Top of SOURCE MATERIAL

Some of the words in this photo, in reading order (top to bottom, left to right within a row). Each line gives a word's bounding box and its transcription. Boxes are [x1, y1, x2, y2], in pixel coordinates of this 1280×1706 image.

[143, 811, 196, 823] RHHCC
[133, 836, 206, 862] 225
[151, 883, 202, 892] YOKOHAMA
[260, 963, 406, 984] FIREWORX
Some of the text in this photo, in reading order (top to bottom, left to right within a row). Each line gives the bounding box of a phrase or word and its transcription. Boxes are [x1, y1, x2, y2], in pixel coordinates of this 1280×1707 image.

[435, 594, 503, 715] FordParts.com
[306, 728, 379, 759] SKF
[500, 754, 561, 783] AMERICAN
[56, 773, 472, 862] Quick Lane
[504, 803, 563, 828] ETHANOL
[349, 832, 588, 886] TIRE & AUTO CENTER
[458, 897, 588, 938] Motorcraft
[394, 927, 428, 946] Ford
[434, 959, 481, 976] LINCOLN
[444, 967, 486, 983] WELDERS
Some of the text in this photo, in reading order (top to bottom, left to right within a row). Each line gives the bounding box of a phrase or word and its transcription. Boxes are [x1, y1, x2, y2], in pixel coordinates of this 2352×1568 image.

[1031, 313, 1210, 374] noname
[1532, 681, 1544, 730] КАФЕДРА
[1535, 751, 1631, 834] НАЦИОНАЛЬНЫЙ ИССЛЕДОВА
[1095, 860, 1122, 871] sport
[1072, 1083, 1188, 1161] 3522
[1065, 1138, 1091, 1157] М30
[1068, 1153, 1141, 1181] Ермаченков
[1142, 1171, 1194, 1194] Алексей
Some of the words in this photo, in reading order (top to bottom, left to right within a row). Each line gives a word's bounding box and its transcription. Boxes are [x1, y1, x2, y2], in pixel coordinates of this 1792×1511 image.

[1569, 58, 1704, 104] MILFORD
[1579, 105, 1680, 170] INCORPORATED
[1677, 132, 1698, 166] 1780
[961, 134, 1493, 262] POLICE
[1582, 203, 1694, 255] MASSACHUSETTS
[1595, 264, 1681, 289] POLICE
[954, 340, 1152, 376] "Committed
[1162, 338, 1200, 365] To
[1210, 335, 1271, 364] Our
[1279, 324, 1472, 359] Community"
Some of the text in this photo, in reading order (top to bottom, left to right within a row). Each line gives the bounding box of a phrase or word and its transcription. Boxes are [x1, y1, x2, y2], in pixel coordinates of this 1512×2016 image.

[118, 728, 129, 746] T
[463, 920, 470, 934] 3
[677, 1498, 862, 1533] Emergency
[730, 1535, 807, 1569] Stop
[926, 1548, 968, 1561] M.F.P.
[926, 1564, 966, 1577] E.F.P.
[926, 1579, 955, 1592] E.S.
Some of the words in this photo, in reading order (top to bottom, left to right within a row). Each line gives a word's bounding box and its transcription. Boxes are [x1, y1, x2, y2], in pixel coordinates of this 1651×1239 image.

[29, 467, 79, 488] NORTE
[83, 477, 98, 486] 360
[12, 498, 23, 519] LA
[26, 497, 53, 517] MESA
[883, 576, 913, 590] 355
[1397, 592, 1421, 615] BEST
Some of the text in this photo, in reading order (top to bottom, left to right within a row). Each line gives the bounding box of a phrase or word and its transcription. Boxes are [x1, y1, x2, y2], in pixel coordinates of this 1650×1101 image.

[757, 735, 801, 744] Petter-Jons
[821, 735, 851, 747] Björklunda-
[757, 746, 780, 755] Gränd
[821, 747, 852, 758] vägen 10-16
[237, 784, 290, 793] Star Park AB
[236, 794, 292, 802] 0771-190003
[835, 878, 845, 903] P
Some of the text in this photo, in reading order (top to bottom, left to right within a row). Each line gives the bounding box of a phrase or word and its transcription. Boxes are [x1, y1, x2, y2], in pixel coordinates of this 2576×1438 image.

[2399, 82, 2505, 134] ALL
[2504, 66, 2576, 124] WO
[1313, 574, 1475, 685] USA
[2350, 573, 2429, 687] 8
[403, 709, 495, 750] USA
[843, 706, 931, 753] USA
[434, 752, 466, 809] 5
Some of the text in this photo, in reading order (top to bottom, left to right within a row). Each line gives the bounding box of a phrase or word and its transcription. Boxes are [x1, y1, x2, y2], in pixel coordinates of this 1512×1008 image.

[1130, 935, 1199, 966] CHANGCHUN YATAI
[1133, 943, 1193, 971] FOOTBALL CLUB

Bottom of SOURCE MATERIAL

EXERCISE DIRECTIONS: Print every entry exactly as written.

ANSWER BELOW:
Some of the words in this photo, in reading order (top to bottom, left to right within a row). Each line gives a word's bounding box and its transcription. Boxes are [x1, y1, x2, y2], in pixel coordinates of this 1280×1706 image.

[143, 811, 196, 823] RHHCC
[133, 836, 206, 862] 225
[151, 883, 202, 892] YOKOHAMA
[260, 963, 406, 984] FIREWORX
Some of the text in this photo, in reading order (top to bottom, left to right within a row). Each line gives the bounding box of a phrase or word and its transcription. Boxes are [x1, y1, x2, y2], in pixel coordinates of this 1280×1707 image.

[435, 594, 503, 715] FordParts.com
[306, 728, 379, 759] SKF
[500, 754, 561, 783] AMERICAN
[56, 773, 472, 862] Quick Lane
[504, 803, 563, 828] ETHANOL
[349, 832, 588, 886] TIRE & AUTO CENTER
[458, 897, 588, 938] Motorcraft
[394, 927, 428, 946] Ford
[434, 959, 481, 976] LINCOLN
[444, 967, 486, 983] WELDERS
Some of the text in this photo, in reading order (top to bottom, left to right within a row). Each line gives the bounding box of a phrase or word and its transcription. Boxes are [x1, y1, x2, y2], in pixel coordinates of this 2352×1568 image.

[1031, 313, 1210, 374] noname
[1532, 681, 1544, 730] КАФЕДРА
[1535, 751, 1631, 834] НАЦИОНАЛЬНЫЙ ИССЛЕДОВА
[1095, 860, 1122, 871] sport
[1072, 1083, 1188, 1161] 3522
[1065, 1138, 1091, 1157] М30
[1068, 1153, 1141, 1181] Ермаченков
[1142, 1171, 1194, 1194] Алексей
Some of the words in this photo, in reading order (top to bottom, left to right within a row). Each line gives a word's bounding box and its transcription. Boxes are [x1, y1, x2, y2], in pixel coordinates of this 1792×1511 image.

[1569, 58, 1704, 104] MILFORD
[1579, 105, 1680, 170] INCORPORATED
[1677, 132, 1698, 166] 1780
[961, 134, 1493, 262] POLICE
[1582, 203, 1694, 255] MASSACHUSETTS
[1595, 264, 1681, 289] POLICE
[954, 340, 1152, 376] "Committed
[1162, 338, 1200, 365] To
[1210, 335, 1271, 364] Our
[1279, 324, 1472, 359] Community"
Some of the text in this photo, in reading order (top to bottom, left to right within a row). Each line gives the bounding box of a phrase or word and its transcription. Boxes are [x1, y1, x2, y2], in pixel coordinates of this 1512×2016 image.

[118, 728, 129, 746] T
[463, 920, 470, 934] 3
[677, 1498, 862, 1533] Emergency
[730, 1535, 807, 1569] Stop
[926, 1548, 968, 1561] M.F.P.
[926, 1564, 966, 1577] E.F.P.
[926, 1579, 955, 1592] E.S.
Some of the words in this photo, in reading order (top to bottom, left to right within a row). Each line gives a word's bounding box and its transcription. Boxes are [x1, y1, x2, y2], in pixel coordinates of this 1651×1239 image.

[29, 467, 79, 488] NORTE
[83, 477, 98, 486] 360
[12, 498, 23, 519] LA
[26, 497, 53, 517] MESA
[883, 576, 913, 590] 355
[1397, 592, 1421, 615] BEST
Some of the text in this photo, in reading order (top to bottom, left to right within a row). Each line gives the bounding box of a phrase or word and its transcription. Boxes are [x1, y1, x2, y2], in pixel coordinates of this 1650×1101 image.

[757, 735, 801, 744] Petter-Jons
[821, 735, 851, 747] Björklunda-
[757, 746, 780, 755] Gränd
[821, 747, 852, 758] vägen 10-16
[237, 784, 290, 793] Star Park AB
[236, 794, 292, 802] 0771-190003
[835, 878, 845, 903] P
Some of the text in this photo, in reading order (top to bottom, left to right within a row). Each line gives the bounding box of a phrase or word and its transcription. Boxes are [x1, y1, x2, y2], in pixel coordinates of this 2576×1438 image.

[2399, 82, 2505, 134] ALL
[2504, 66, 2576, 124] WO
[1313, 574, 1475, 685] USA
[2350, 573, 2429, 687] 8
[403, 709, 495, 750] USA
[843, 706, 931, 753] USA
[434, 752, 466, 809] 5
Some of the text in this photo, in reading order (top to bottom, left to right within a row). Each line gives the bounding box of a phrase or word and its transcription. Boxes are [x1, y1, x2, y2], in pixel coordinates of this 1512×1008 image.

[1130, 935, 1199, 966] CHANGCHUN YATAI
[1133, 943, 1193, 971] FOOTBALL CLUB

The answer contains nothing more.